● Task details
Copy all the entries word for word, but omit the pictures.

● Provided records
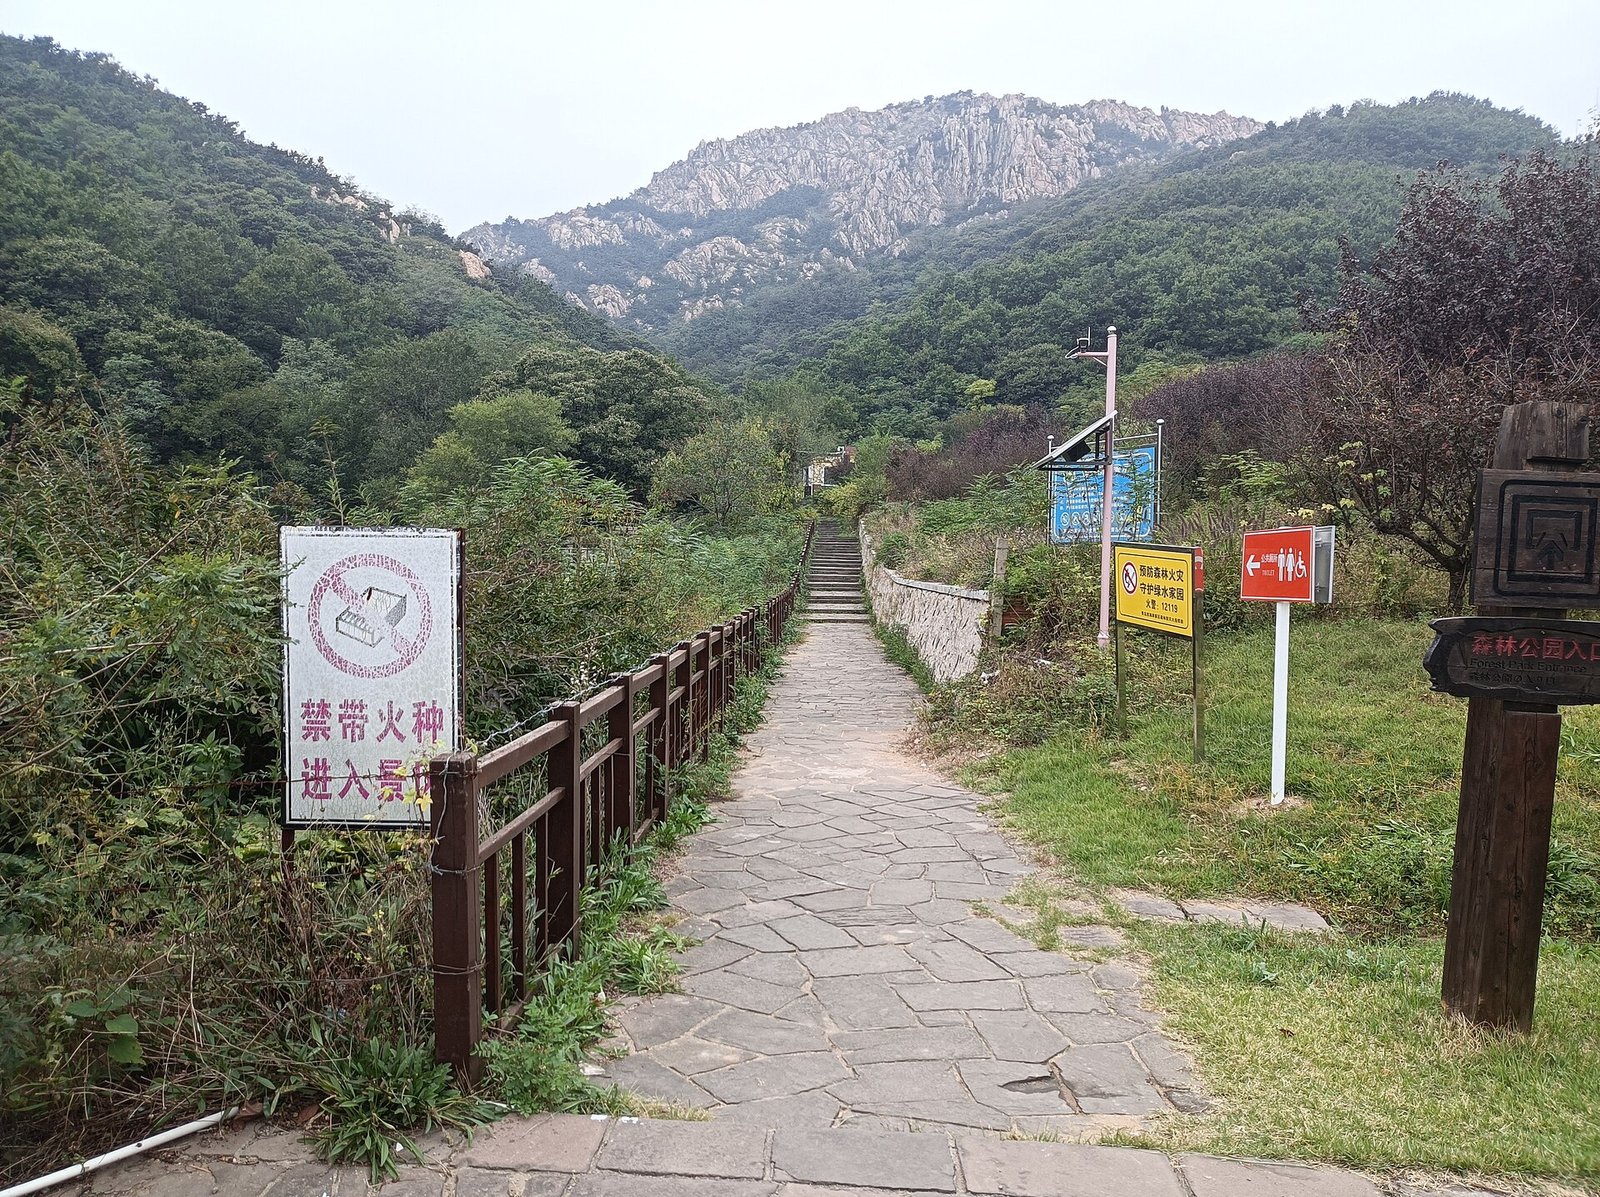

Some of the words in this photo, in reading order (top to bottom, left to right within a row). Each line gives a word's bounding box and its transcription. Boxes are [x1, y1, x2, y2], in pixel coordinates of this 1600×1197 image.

[1139, 564, 1184, 582] 预防森林火灾
[1139, 582, 1185, 601] 守护绿水家园
[1469, 657, 1506, 669] Forest
[1508, 659, 1534, 670] Park
[1537, 661, 1587, 673] Entrance
[300, 698, 444, 744] 禁带火种

● Response to the task
Some of the words in this photo, in reading order (top to bottom, left to right within a row). Each line gives a word's bounding box and its transcription. Boxes are [x1, y1, x2, y2], in pixel coordinates of this 1600×1197 image.

[1139, 564, 1184, 582] 预防森林火灾
[1139, 582, 1185, 601] 守护绿水家园
[1469, 657, 1506, 669] Forest
[1508, 659, 1534, 670] Park
[1537, 661, 1587, 673] Entrance
[300, 698, 444, 744] 禁带火种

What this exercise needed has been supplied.